图2是显示在小鼠中相对于10μg表面蛋白(gE)而言,依赖于铝阳离子(Al3+)的浓度的抗体诱导能力的图。
图3是显示ELISA结果以确定对于豚鼠,在用表面蛋白(gE)和铝盐进行免疫后血清中所含抗体效价的图。
图4是通过蚀斑减少中和测试(PRNT)显示中和抗体效价的分析结果,以鉴别针对水痘带状疱疹病毒的中和抗体是否是通过用表面蛋白(gE)和铝盐在豚鼠中进行免疫而产生的图。
图5是显示在将表面蛋白(gE)和铝盐给予豚鼠后产生的抗体是否可结合至被水痘带状疱疹病毒感染的细胞,以确定针对病毒感染细胞的抗体效价的图。
图6是显示含有不同种类铝盐的疫苗组合物的免疫力诱导能力的图。
【具体实施方式】
除另有定义外,本发明所使用的所有技术和科学术语的含义与本发明所涉及领域的技术人员所理解的含义相同。
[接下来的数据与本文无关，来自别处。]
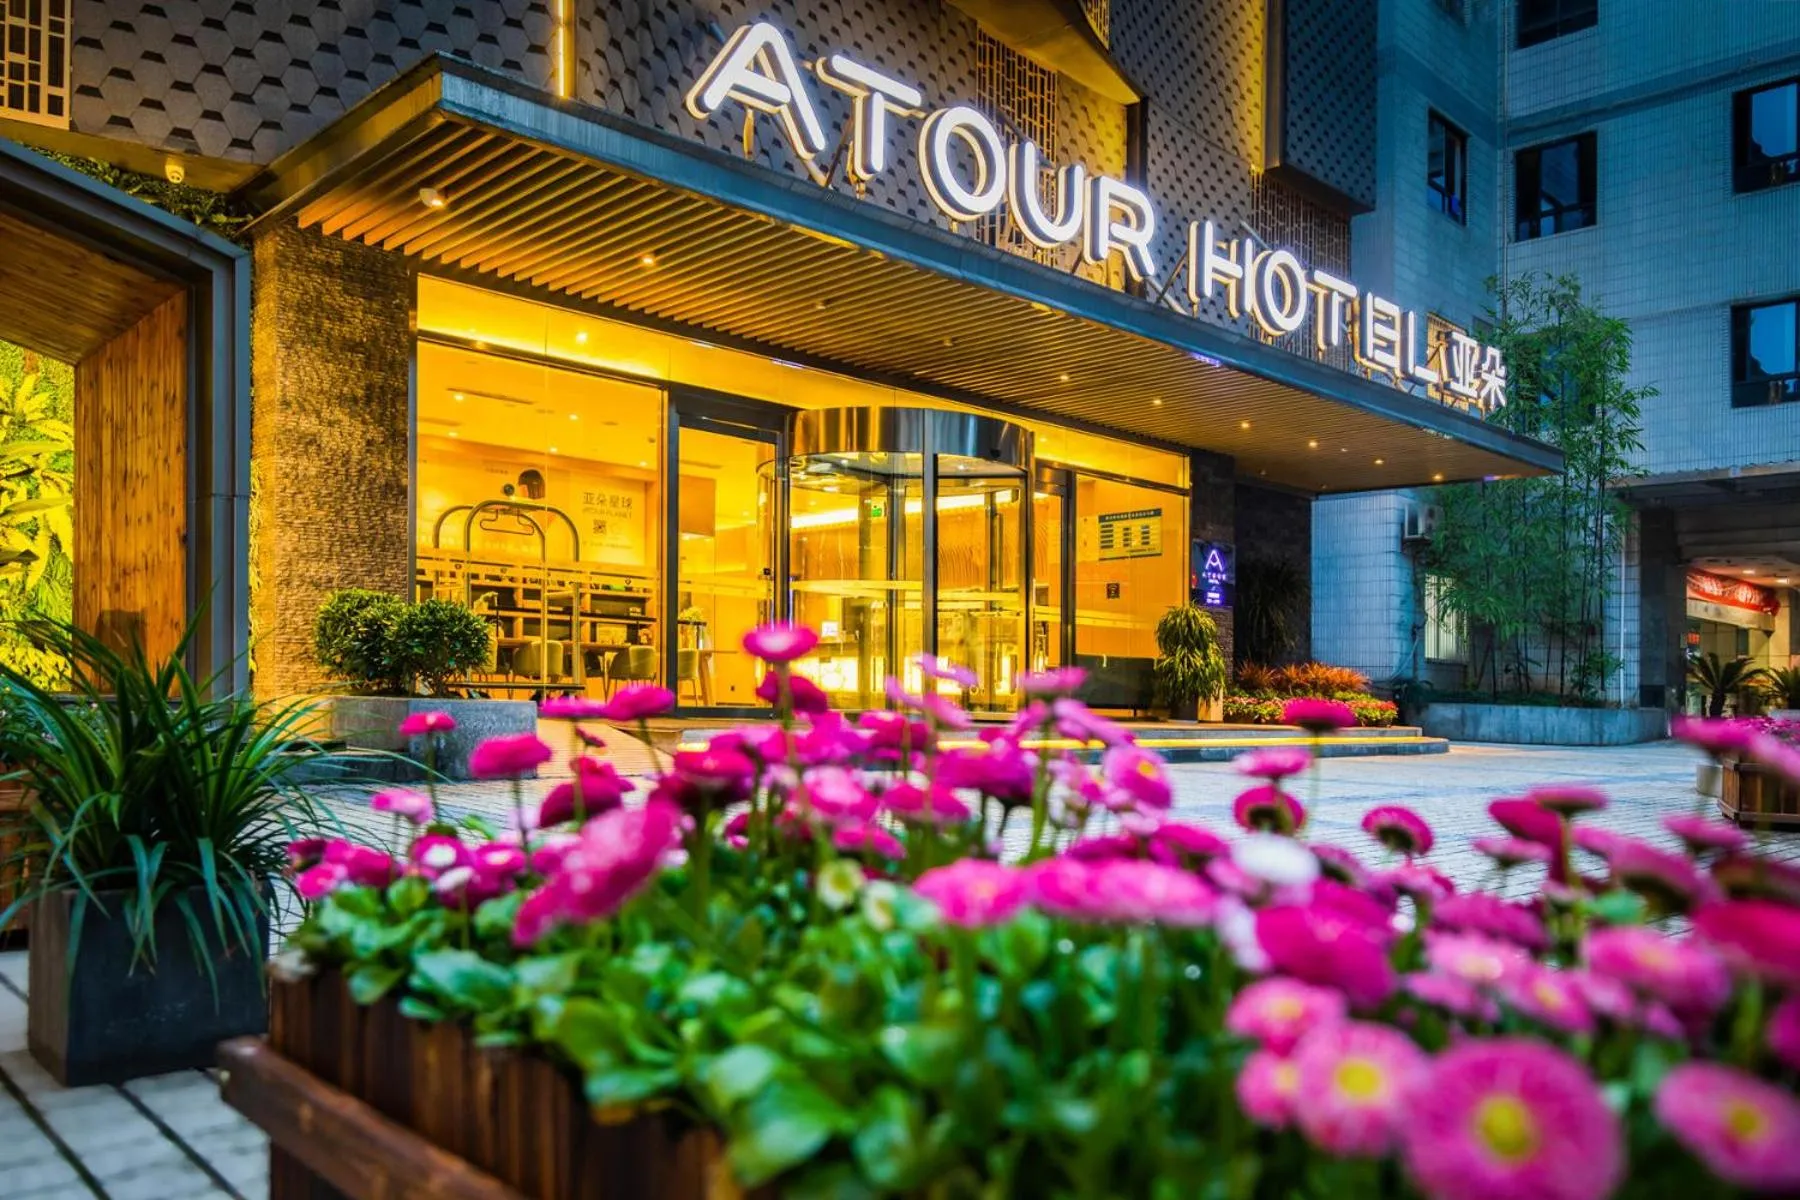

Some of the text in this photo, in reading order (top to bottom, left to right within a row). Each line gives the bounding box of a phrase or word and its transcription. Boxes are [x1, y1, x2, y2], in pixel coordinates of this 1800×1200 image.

[687, 20, 1441, 386] ATOUR HOTEL
[1449, 330, 1508, 412] 亚朵
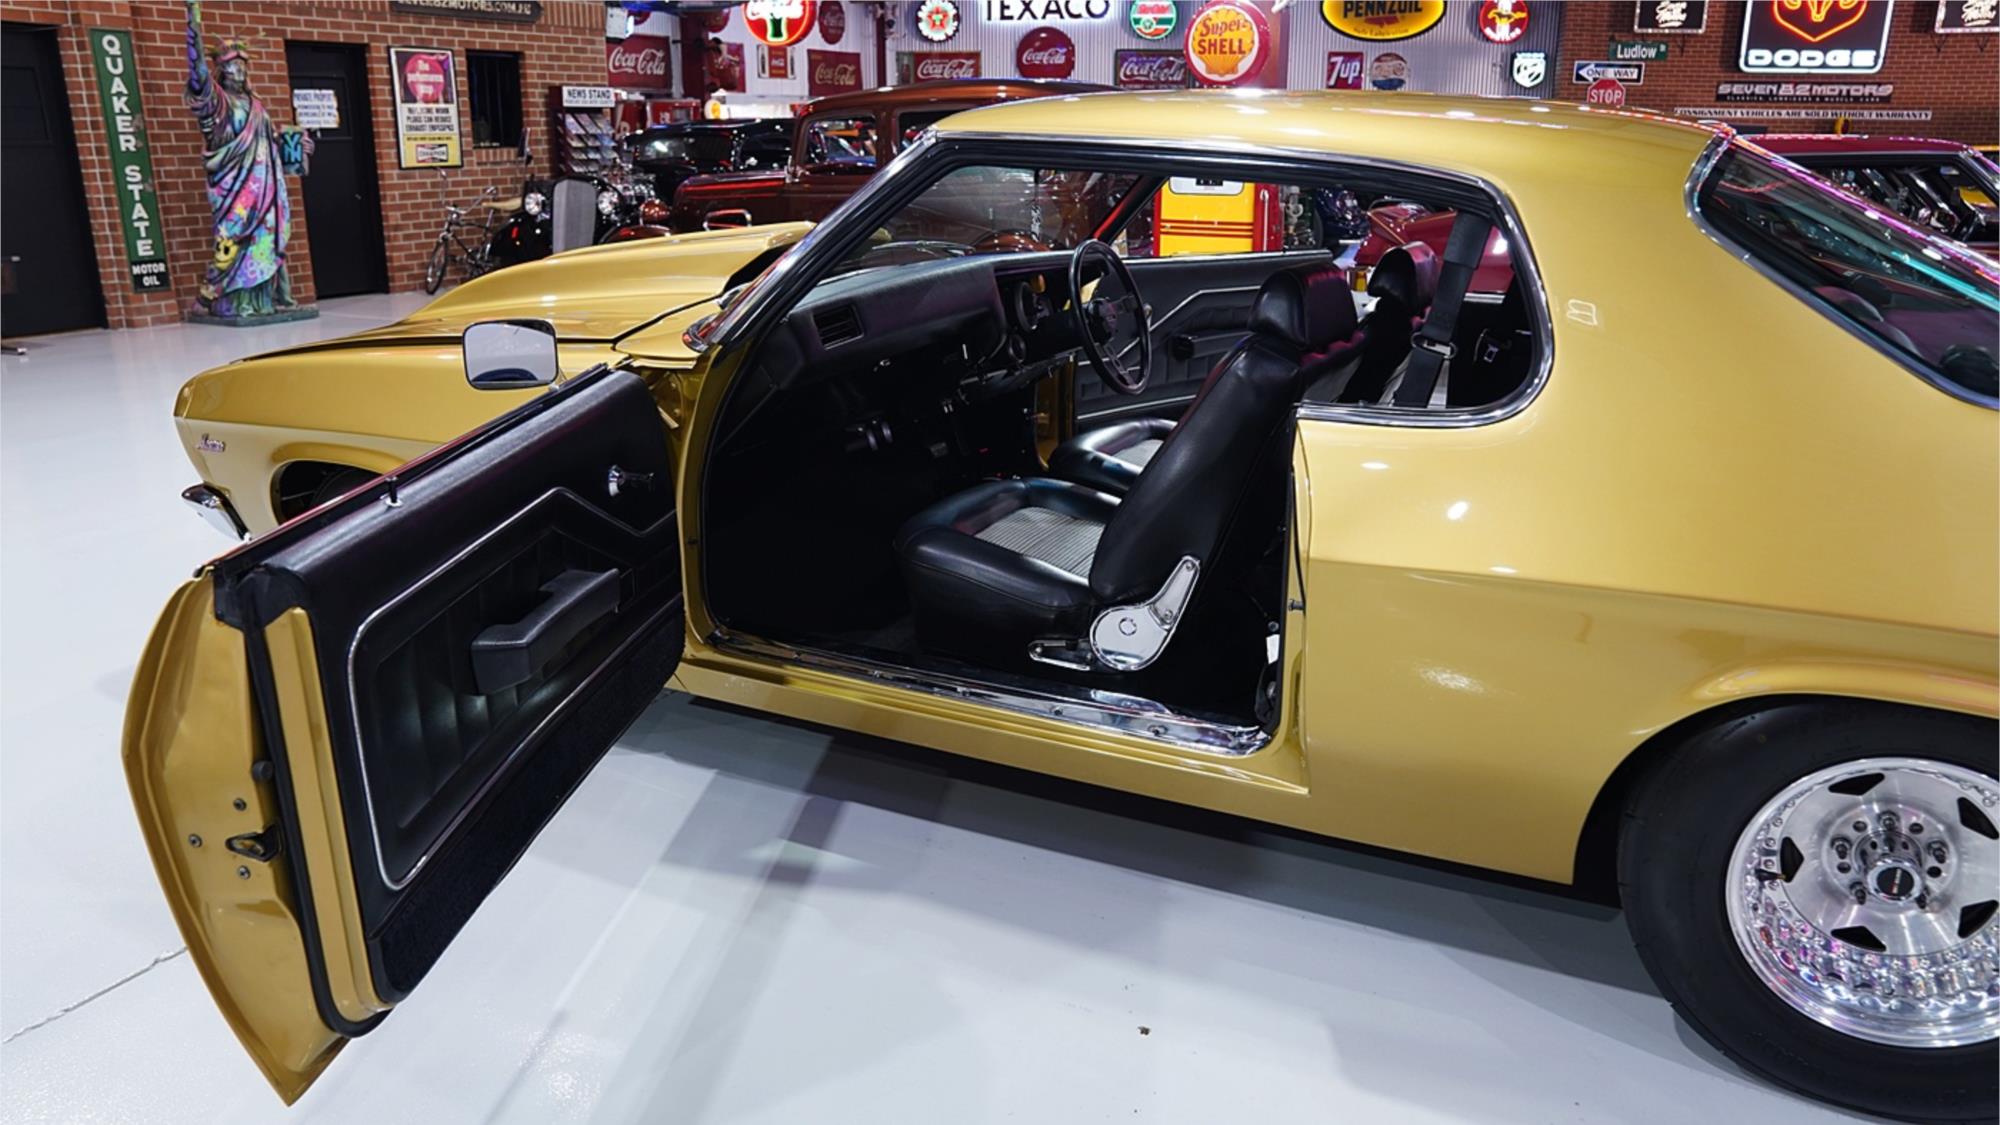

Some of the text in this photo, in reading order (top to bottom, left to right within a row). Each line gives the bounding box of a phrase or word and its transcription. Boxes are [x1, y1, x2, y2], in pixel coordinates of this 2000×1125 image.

通常,本文中所用的术语为本领域所熟知并且以普通方式使用。
根据本发明的实施方案,将作为抗原的具有SEQ ID NO:1中所列氨基酸序列的水痘带状疱疹病毒的表面蛋白(gE)与免疫增强剂(佐剂)混合以制备水痘带状疱疹病毒疫苗组合物,将该疫苗组合物给予动物,并且之后鉴别抗原特异性免疫力。
因此,在一个方面中,本发明涉及预防或治疗水痘或带状疱疹的疫苗组合物,其包含具有SEQ ID NO:1中所列氨基酸序列的水痘带状疱疹病毒的表面蛋白(gE)和免疫增强剂(佐剂)。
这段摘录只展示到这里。